冯天虞不着眼镜的双眸静静的盯着我的脸,我第一次发现那双藏在镜片后的眼如鹰鹫般无情冰冷。
“姓卫的漫天要价,到现在还没和警方谈妥,自然还拿不到录音。呵~不过你放心,只要能把凌海山的女儿送入牢房,我愿意无偿捐出所有积蓄甚至更多。”说完,他戴回眼镜,毫无高低起伏的音调朝我说道:“穆老师,我先走一步。”
录音还没拿到……这颗定时炸弹还未到引爆之时,我不禁松了口气。上天又借给我几天本不属于我的生活。
我看着他逐渐走远的背影,来到老旗杆旁,轻抚着杆上的斑斑锈迹。那天,就在这里,我对着凌莫说完演练了许久的说辞。她只是礼貌的笑着,说了谢谢。在得知我是凌睿的班主任之后,便向我要了电话。当我带着忐忑第一次接通她的电话,那人却是借着询问凌睿学习状况之名,实则找我约会。有了第一次,便会有第二次,第三次…现在回想,这一切过程顺利的像是狗血的言情小说。然而,言情小说不是应该有个“幸福的生活在一起”的美好结局么?
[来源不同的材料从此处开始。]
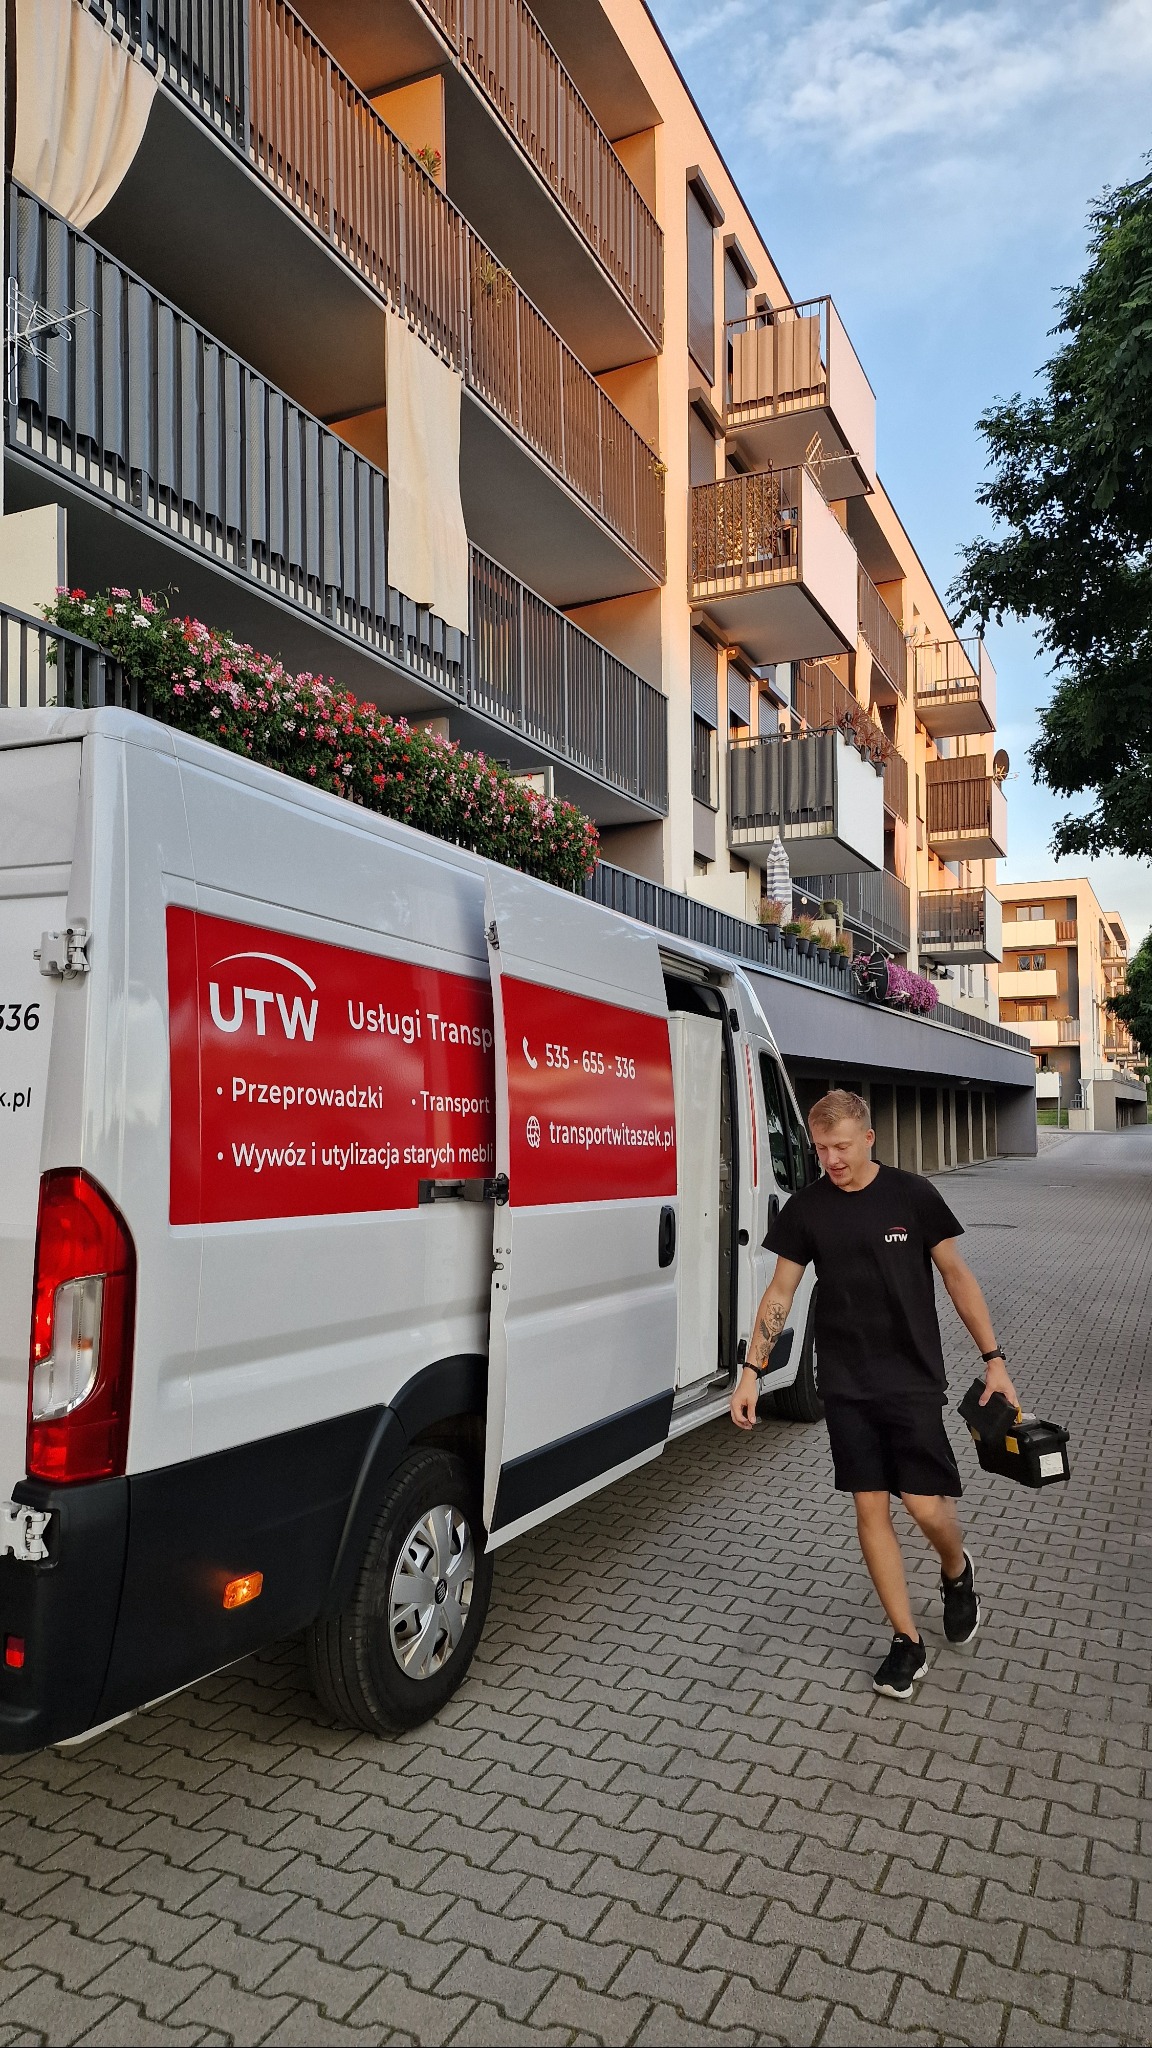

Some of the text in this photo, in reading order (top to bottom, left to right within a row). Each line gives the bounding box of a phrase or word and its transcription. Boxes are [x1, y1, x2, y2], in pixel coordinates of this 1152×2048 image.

[209, 982, 318, 1041] UTW
[348, 1000, 496, 1053] Usługi Transp
[232, 1077, 383, 1109] Przeprowadzki
[420, 1091, 490, 1117] Transport
[550, 1122, 674, 1151] transportwitaszek.pl
[232, 1142, 493, 1172] Wywóz i utylizacja starych mebli
[884, 1233, 908, 1243] UTW
这晚,凌睿问我给他小姨准备了什么礼物;这夜,凌莫又一个人在书房待到了转钟。
周三下午只有一节作文,我上完课后便偷偷早退了。乘地铁到达市商业中心,还未到下班时分的工作日,君耀百货宽敞奢华的大厅更显空旷。昨晚,我没有告诉凌睿礼物是什么,但是我这件物什却是我很早就想好送给凌莫的。
君耀一楼不似普通商场那样,为化妆品和珠宝专柜,而是独门独户的奢侈品牌旗舰店。这一楼层的顾客稀少,显得室内空调的威力日常强劲。我脱了外套挽在手里,走向Tiffany专卖。虽然凌莫给了我一张副卡,可作为生日礼物,我还是希望能送上自己的心意。当然,这是要在我“力所能及”的范围。
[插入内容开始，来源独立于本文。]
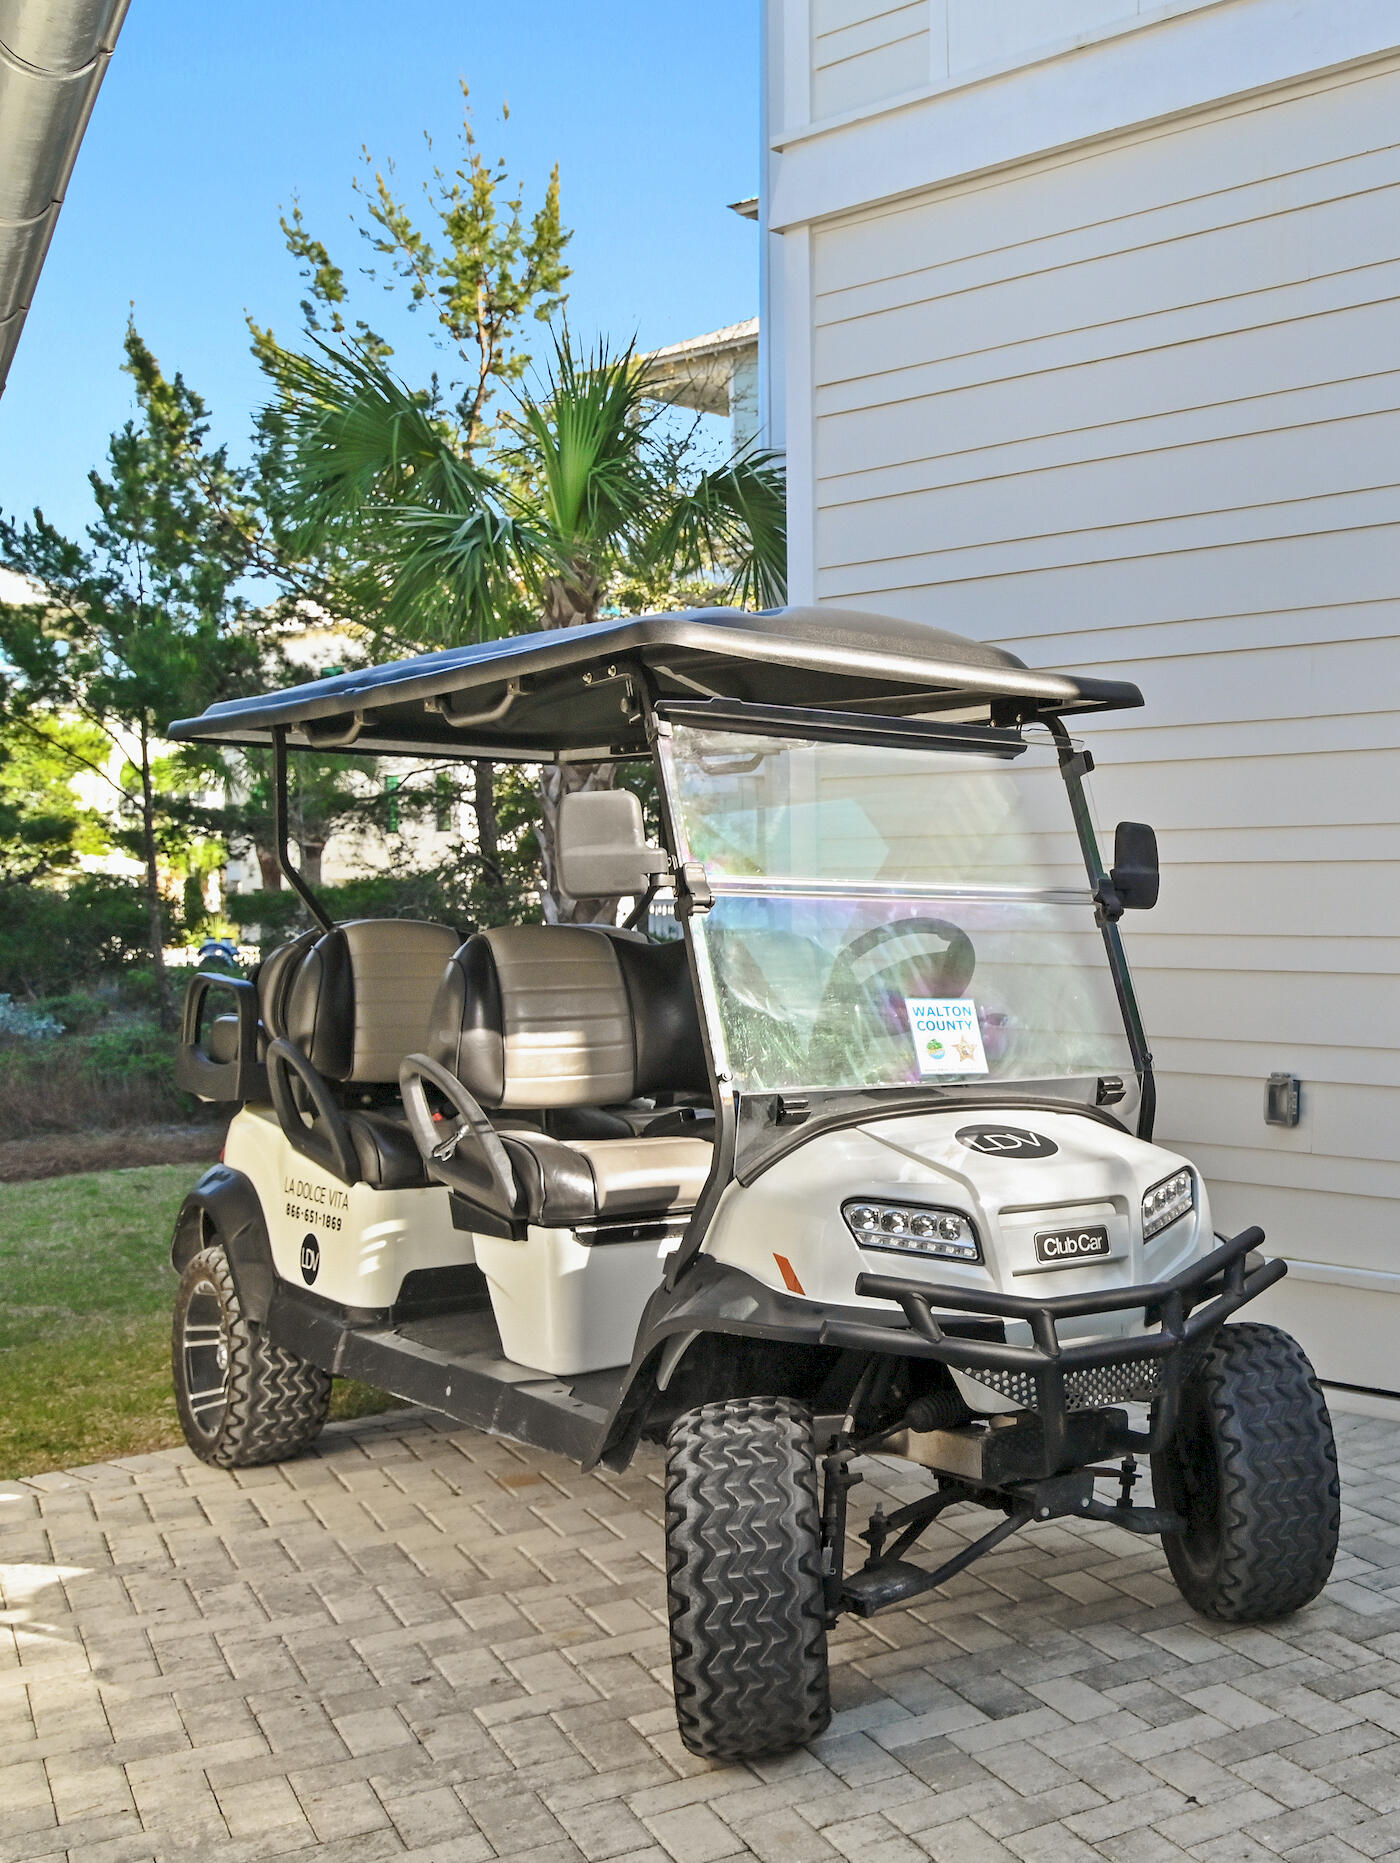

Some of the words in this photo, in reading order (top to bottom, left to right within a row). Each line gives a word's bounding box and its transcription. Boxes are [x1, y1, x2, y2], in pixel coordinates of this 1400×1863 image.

[912, 1006, 972, 1017] WALTON
[917, 1020, 972, 1031] COUNTY
[964, 1132, 1041, 1151] LDV
[284, 1177, 295, 1195] LA
[297, 1180, 326, 1203] DOLCE
[328, 1188, 349, 1210] VITA
[286, 1203, 342, 1231] 866-651-1869
[301, 1247, 319, 1271] LDV
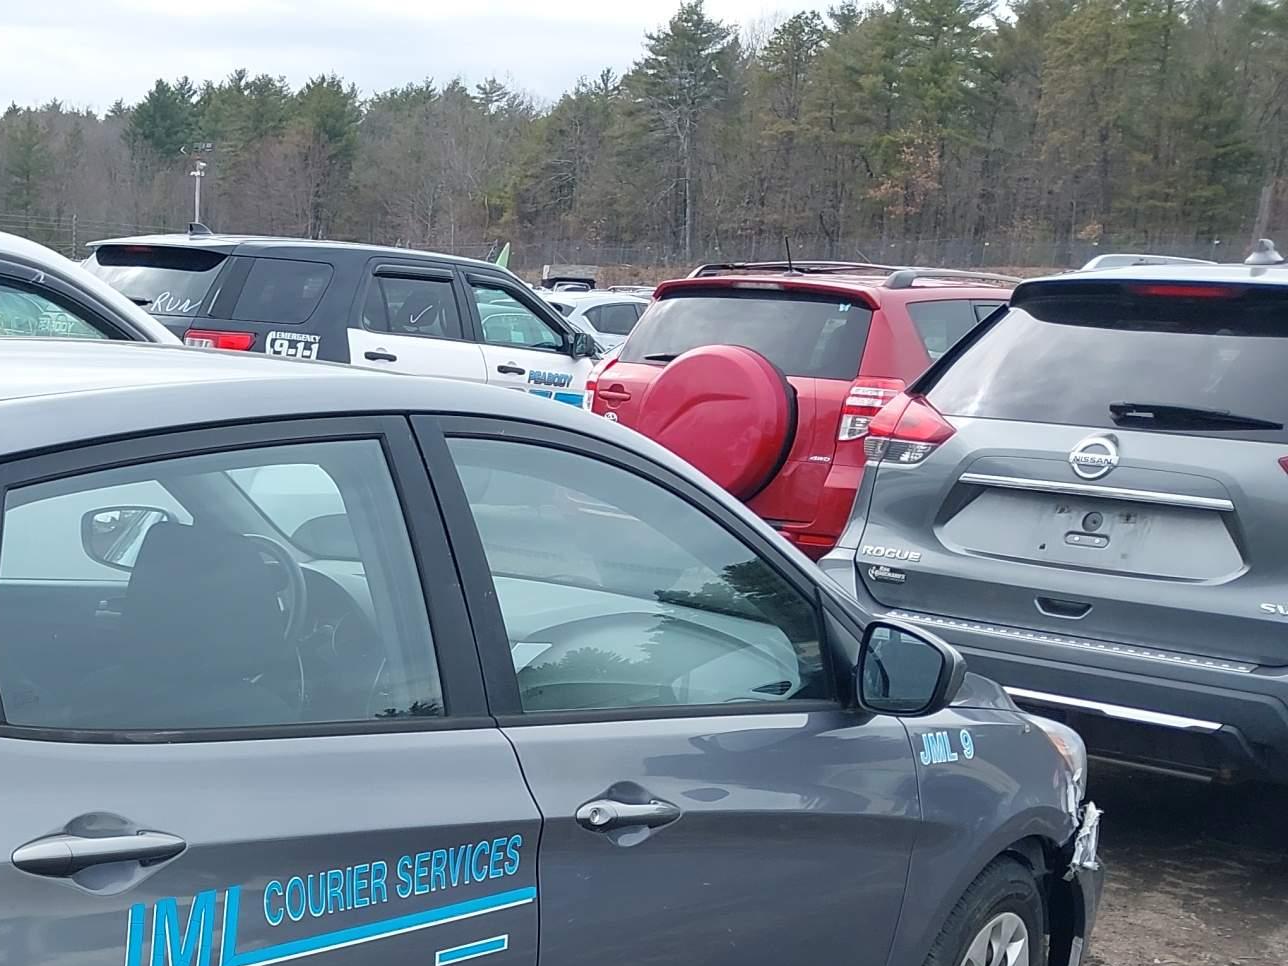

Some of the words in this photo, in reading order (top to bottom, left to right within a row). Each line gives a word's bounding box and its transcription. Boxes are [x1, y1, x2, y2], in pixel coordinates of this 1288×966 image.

[276, 332, 320, 343] EMERGENCY
[528, 369, 573, 388] PEABODY
[1073, 456, 1113, 465] NISSAN
[862, 545, 921, 562] ROGUE
[920, 731, 959, 765] JML
[959, 729, 974, 760] 9
[263, 860, 388, 927] COURIER
[396, 834, 522, 899] SERVICES
“小姐,请问您需要哪种类型的饰品?”店员小姐上前询问。
我告诉了她购买意向,她一脸了然的领着我来到专属的配饰柜台。镁光灯照耀下的银饰,闪耀着银月的辉光,就像那人的气质的干燥清冷。目光滑过每一个精致的饰物,我在脑海中想象着凌莫穿戴上的模样,突然就被其中的一个攫住眼球。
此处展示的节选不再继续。